* About this task
Images do not belong in the copy. Retype all the entries below exactly.

* Given data

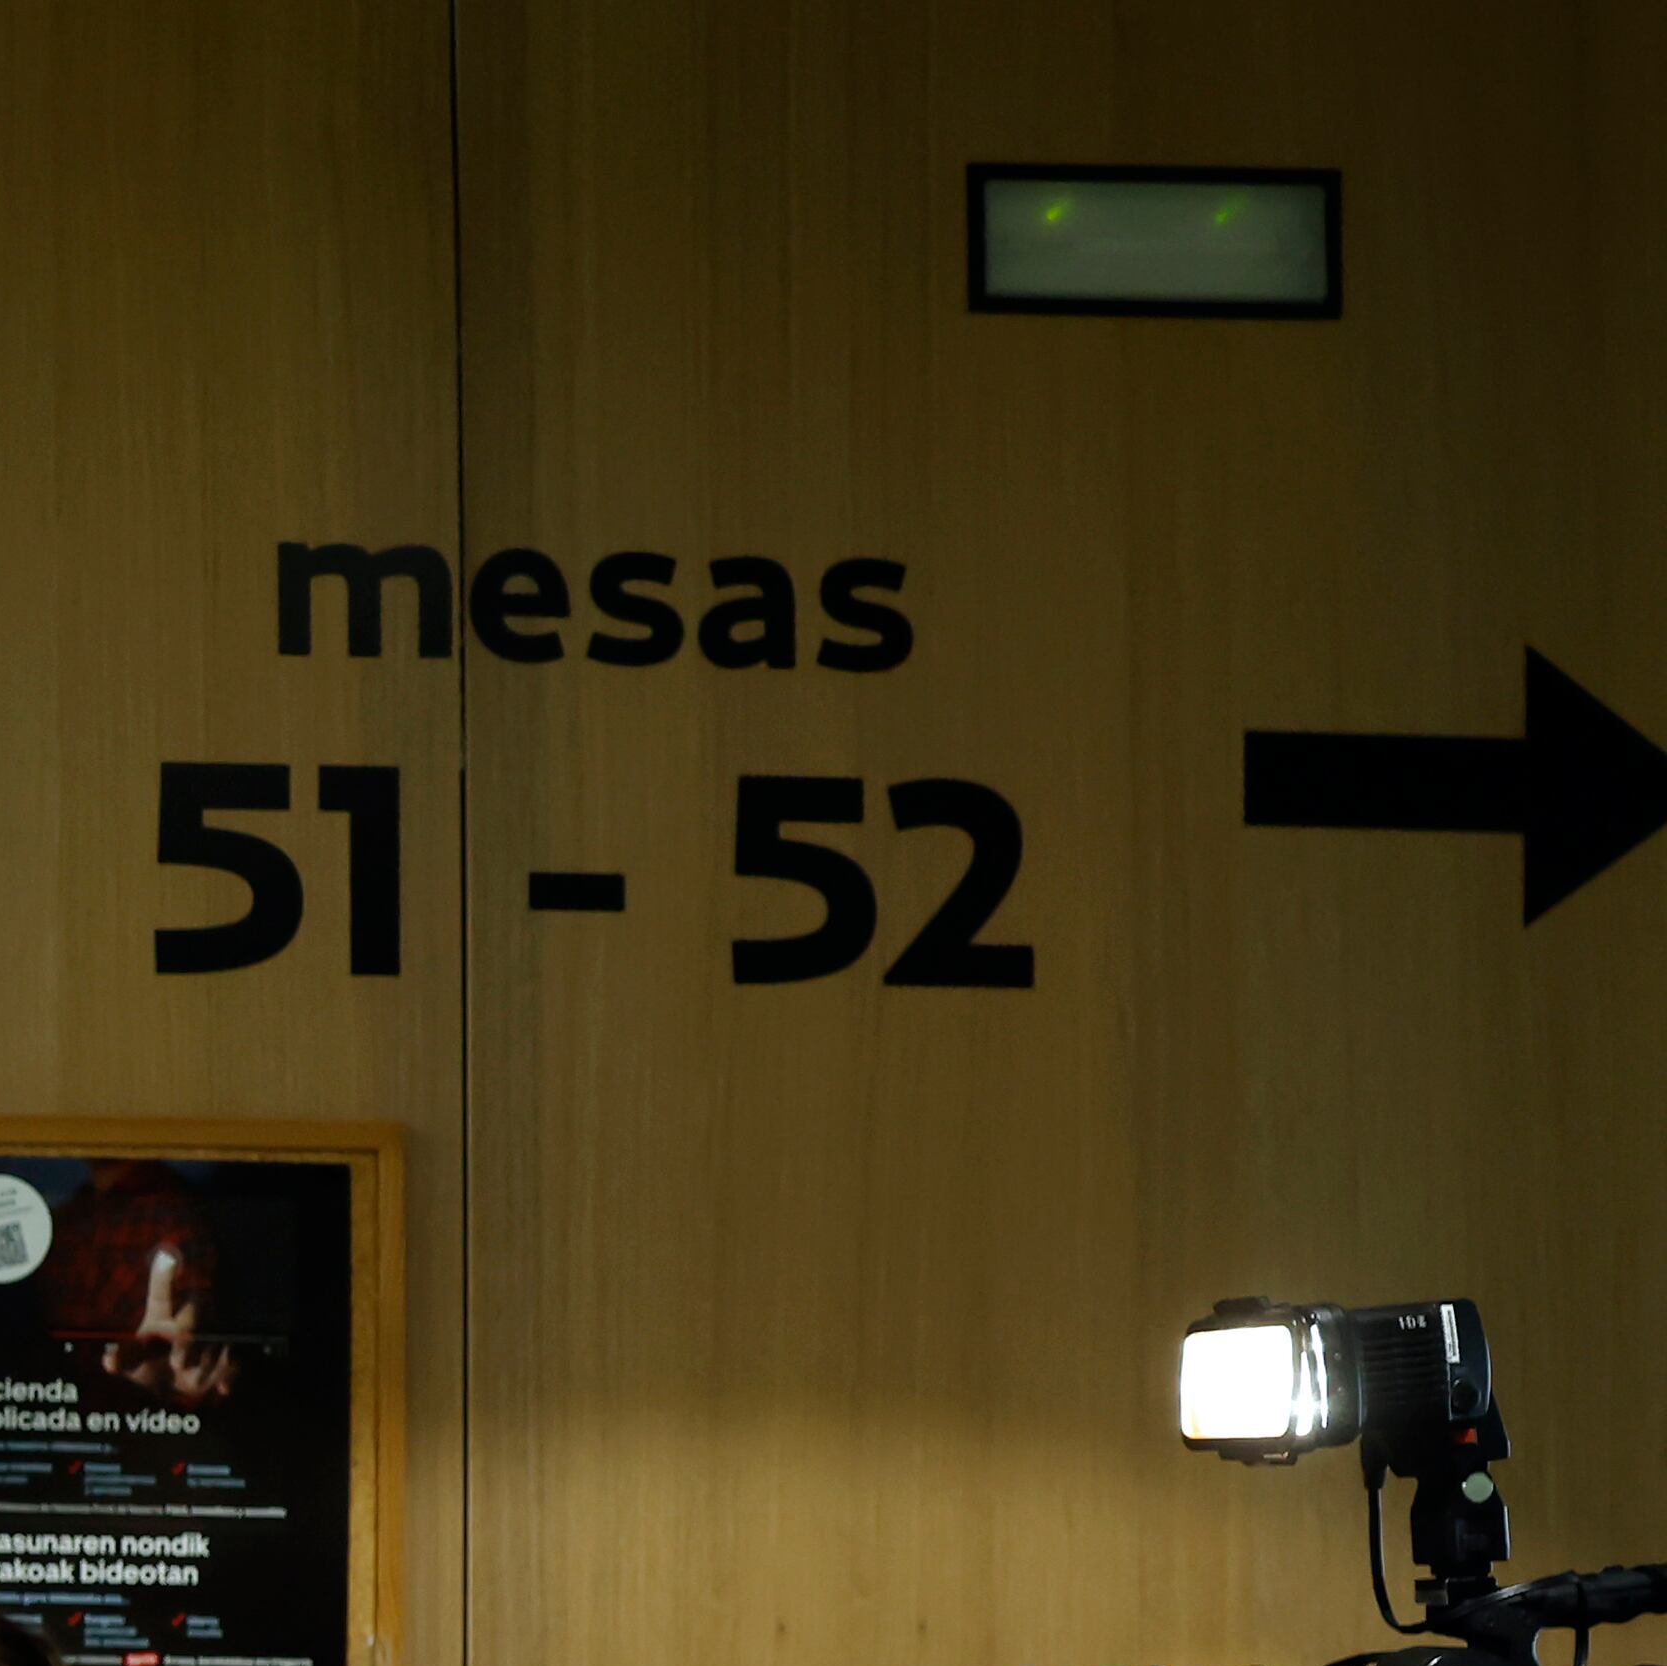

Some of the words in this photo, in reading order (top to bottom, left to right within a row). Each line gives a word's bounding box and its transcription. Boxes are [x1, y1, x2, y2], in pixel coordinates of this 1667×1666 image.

[277, 541, 915, 673] mesas
[154, 761, 401, 977] 51
[528, 871, 626, 913] -
[731, 774, 1035, 990] 52
[86, 1412, 120, 1434] en
[125, 1407, 201, 1435] vídeo
[120, 1530, 210, 1559] nondik
[79, 1559, 199, 1587] bideotan

* Task response
Some of the words in this photo, in reading order (top to bottom, left to right within a row). Each line gives a word's bounding box and its transcription. Boxes are [x1, y1, x2, y2], in pixel coordinates of this 1667×1666 image.

[277, 541, 915, 673] mesas
[154, 761, 401, 977] 51
[528, 871, 626, 913] -
[731, 774, 1035, 990] 52
[86, 1412, 120, 1434] en
[125, 1407, 201, 1435] vídeo
[120, 1530, 210, 1559] nondik
[79, 1559, 199, 1587] bideotan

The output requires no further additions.